> Exercise instructions
Nothing but an exact repeat of the data, with pictures removed, belongs in the answer.

Phrase grounding data
──────────────────────────────
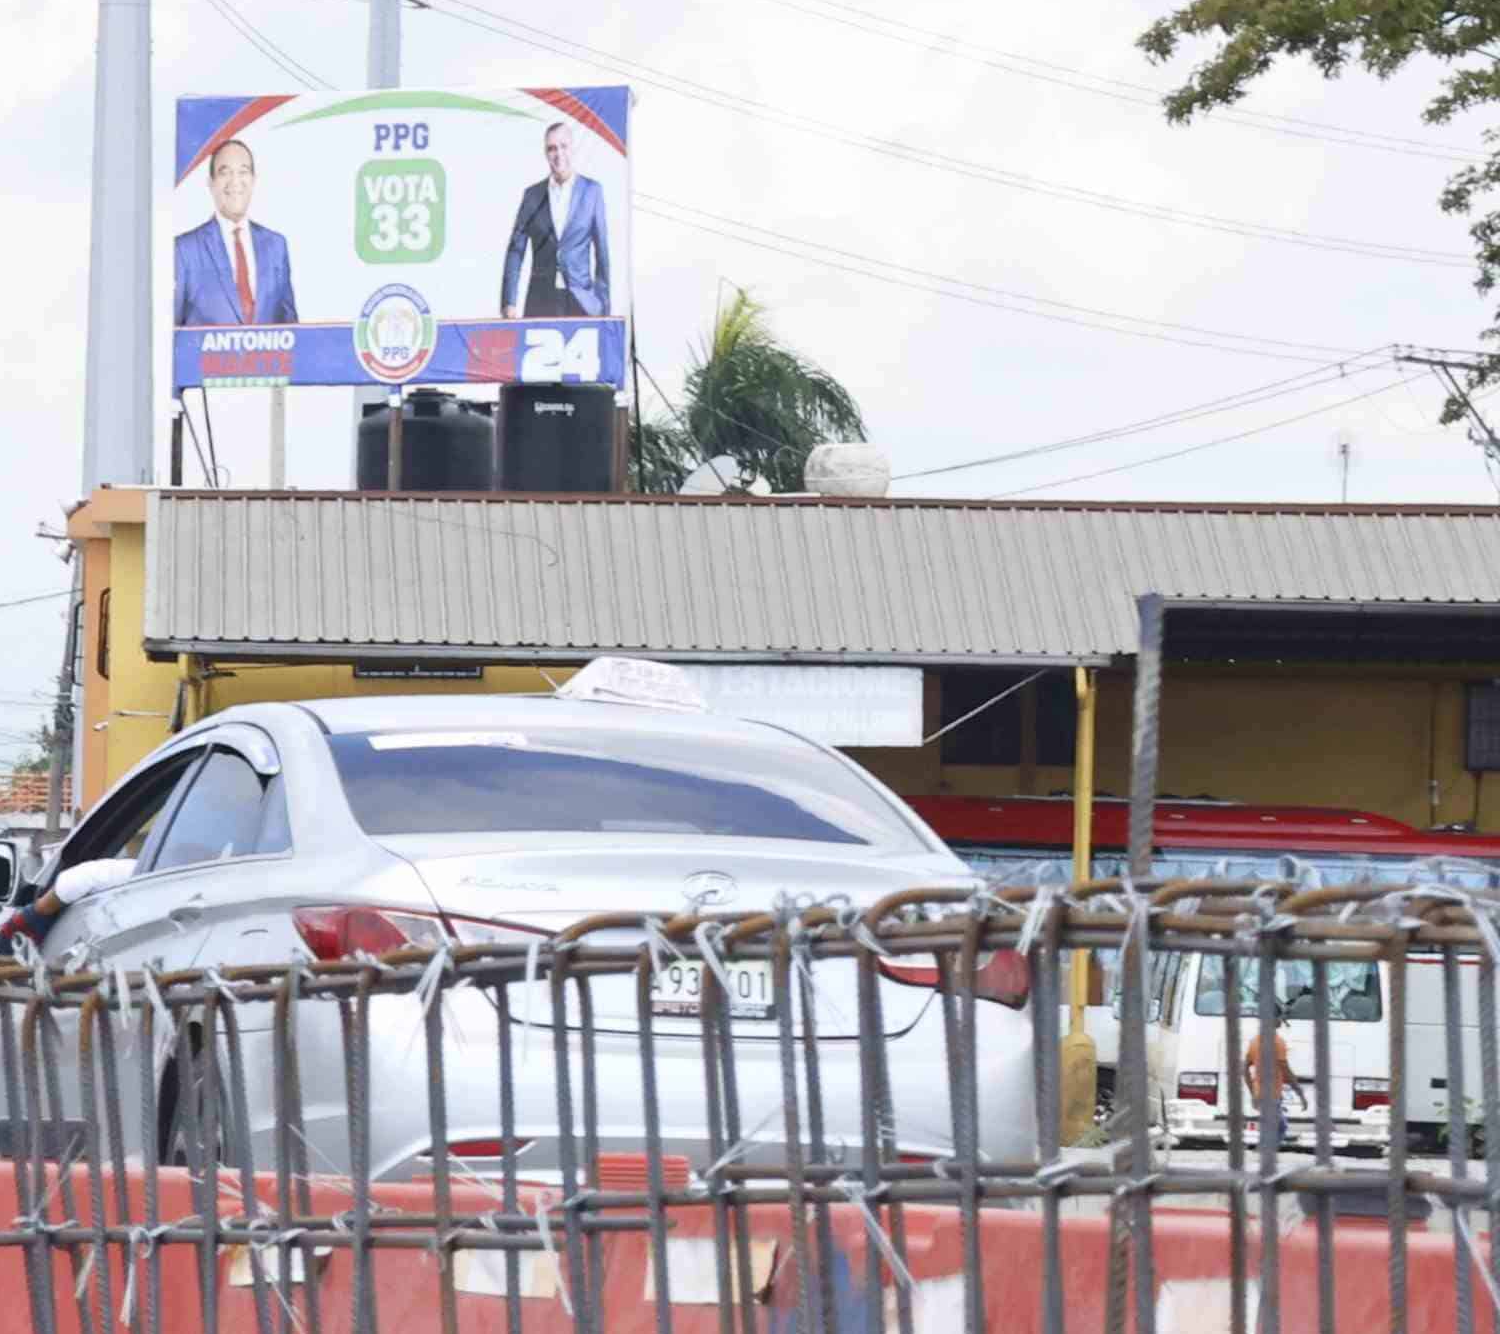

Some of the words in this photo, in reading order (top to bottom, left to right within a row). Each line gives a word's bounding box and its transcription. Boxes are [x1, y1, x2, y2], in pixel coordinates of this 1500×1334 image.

[373, 123, 430, 151] PPG
[363, 172, 439, 204] VOTA
[369, 204, 432, 252] 33
[202, 331, 295, 351] ANTONIO
[521, 327, 600, 383] 24
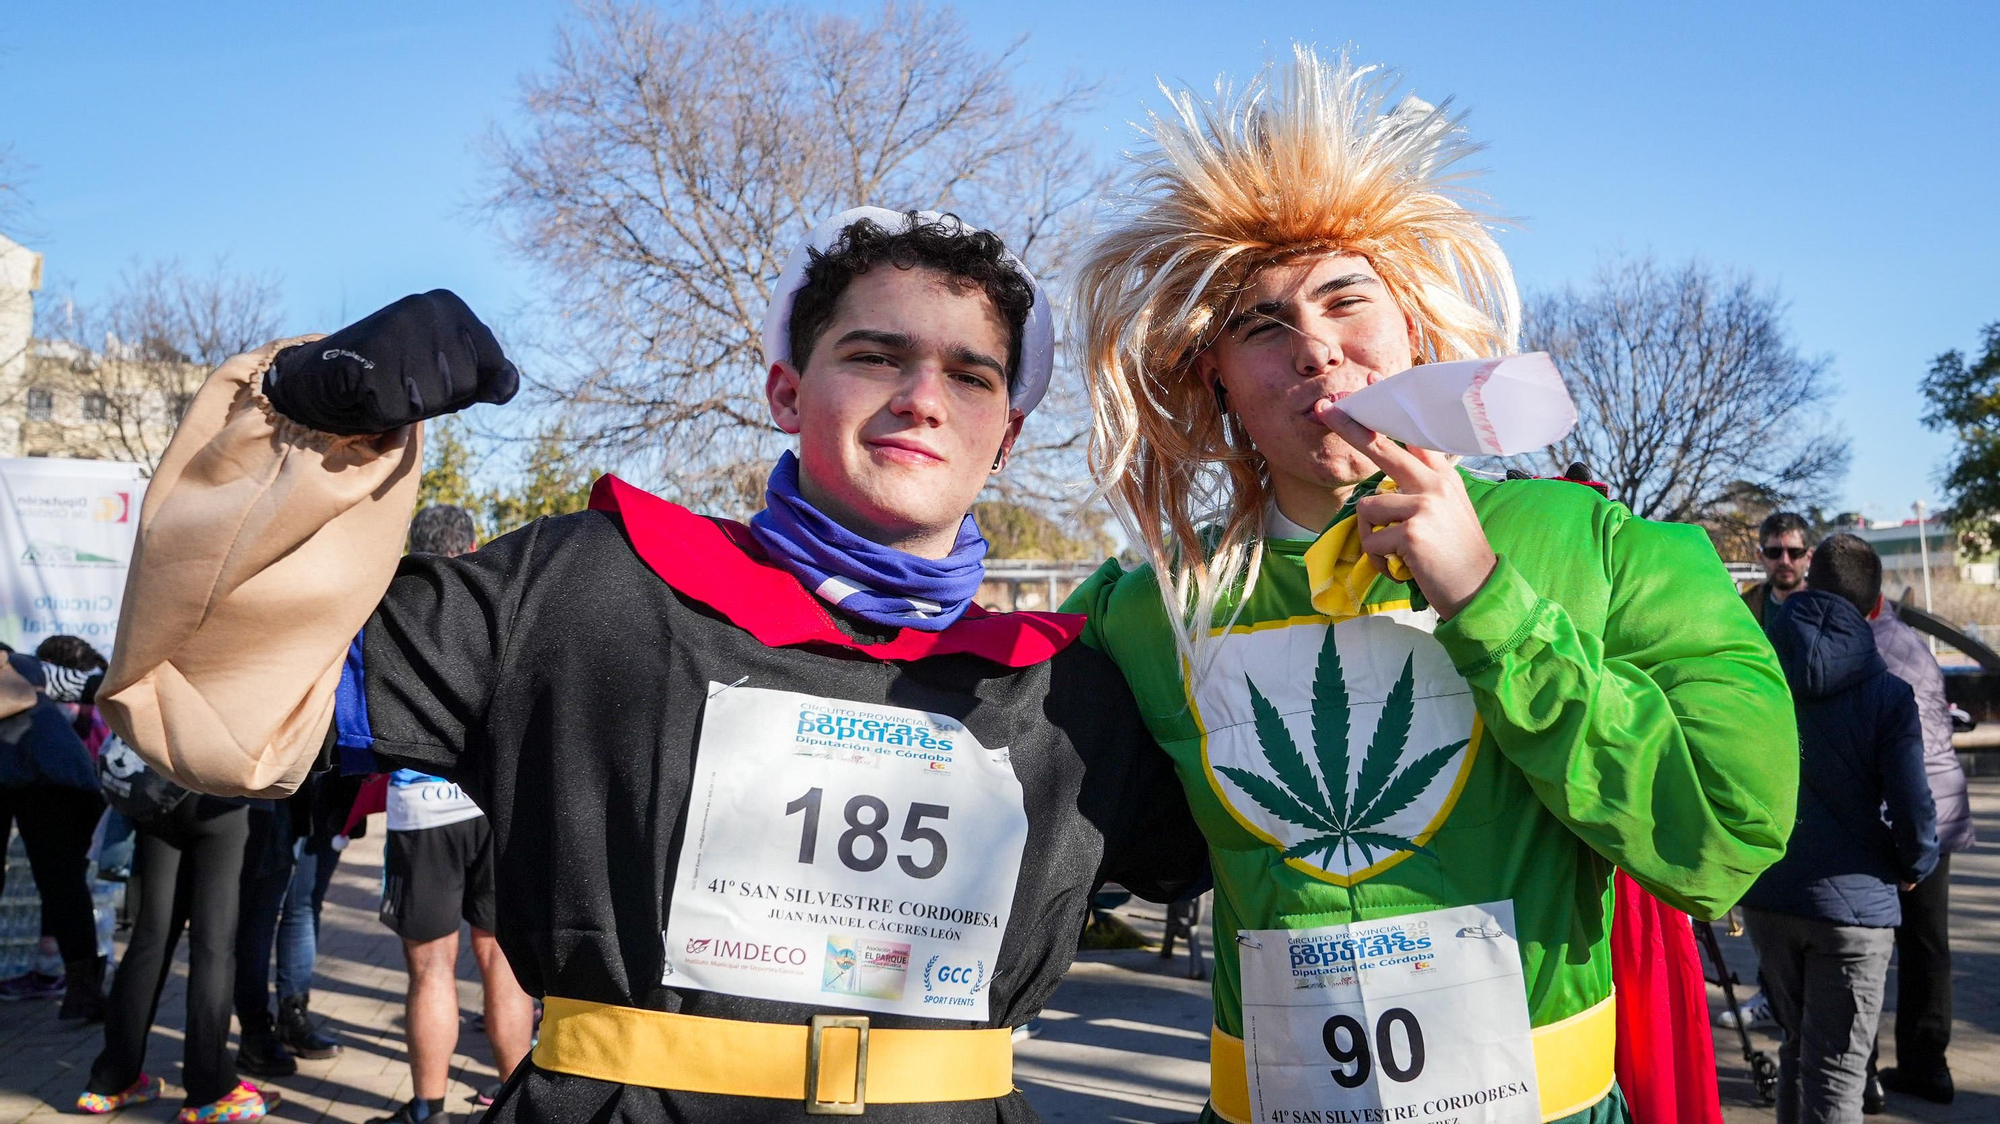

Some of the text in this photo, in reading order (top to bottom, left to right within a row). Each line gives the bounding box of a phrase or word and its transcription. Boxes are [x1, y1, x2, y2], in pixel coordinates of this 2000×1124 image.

[800, 702, 929, 728] CIRCUITO PROVINCIAL
[934, 722, 954, 732] 20
[797, 719, 954, 751] populares
[795, 735, 952, 763] Diputación de Córdoba
[785, 786, 950, 880] 185
[739, 881, 780, 900] SAN
[784, 888, 893, 914] SILVESTRE
[898, 901, 998, 929] CORDOBESA
[768, 909, 962, 941] JUAN MANUEL CÁCERES LEÓN
[1288, 924, 1405, 945] CIRCUITO PROVINCIAL
[1406, 921, 1429, 930] 20
[1407, 929, 1430, 939] 25
[713, 939, 806, 966] IMDECO
[1289, 930, 1407, 956] carreras
[1290, 937, 1432, 968] populares
[865, 951, 907, 965] EL PARQUE
[1292, 953, 1435, 978] Diputación de Córdoba
[938, 965, 972, 984] GCC
[923, 995, 974, 1006] SPORT EVENTS
[1322, 1007, 1425, 1089] 90
[1293, 1110, 1322, 1124] SAN
[1325, 1104, 1419, 1124] SILVESTRE
[1423, 1081, 1529, 1115] CORDOBESA
──────────────────────────────
> Answer to this problem
Some of the words in this photo, in reading order (top to bottom, left to right within a row). Each line gives a word's bounding box and its transcription. Boxes are [x1, y1, x2, y2], in pixel coordinates of this 1500×1334 image.

[373, 123, 430, 151] PPG
[363, 172, 439, 204] VOTA
[369, 204, 432, 252] 33
[202, 331, 295, 351] ANTONIO
[521, 327, 600, 383] 24

Some of the text in this photo, in reading order (top to bottom, left to right within a row). Each line gives the bounding box of a phrase or word and its transcription. Boxes are [x1, y1, x2, y2], in pixel coordinates of this 2000×1124 image.

[800, 702, 929, 728] CIRCUITO PROVINCIAL
[934, 722, 954, 732] 20
[797, 719, 954, 751] populares
[795, 735, 952, 763] Diputación de Córdoba
[785, 786, 950, 880] 185
[739, 881, 780, 900] SAN
[784, 888, 893, 914] SILVESTRE
[898, 901, 998, 929] CORDOBESA
[768, 909, 962, 941] JUAN MANUEL CÁCERES LEÓN
[1288, 924, 1405, 945] CIRCUITO PROVINCIAL
[1406, 921, 1429, 930] 20
[1407, 929, 1430, 939] 25
[713, 939, 806, 966] IMDECO
[1289, 930, 1407, 956] carreras
[1290, 937, 1432, 968] populares
[865, 951, 907, 965] EL PARQUE
[1292, 953, 1435, 978] Diputación de Córdoba
[938, 965, 972, 984] GCC
[923, 995, 974, 1006] SPORT EVENTS
[1322, 1007, 1425, 1089] 90
[1293, 1110, 1322, 1124] SAN
[1325, 1104, 1419, 1124] SILVESTRE
[1423, 1081, 1529, 1115] CORDOBESA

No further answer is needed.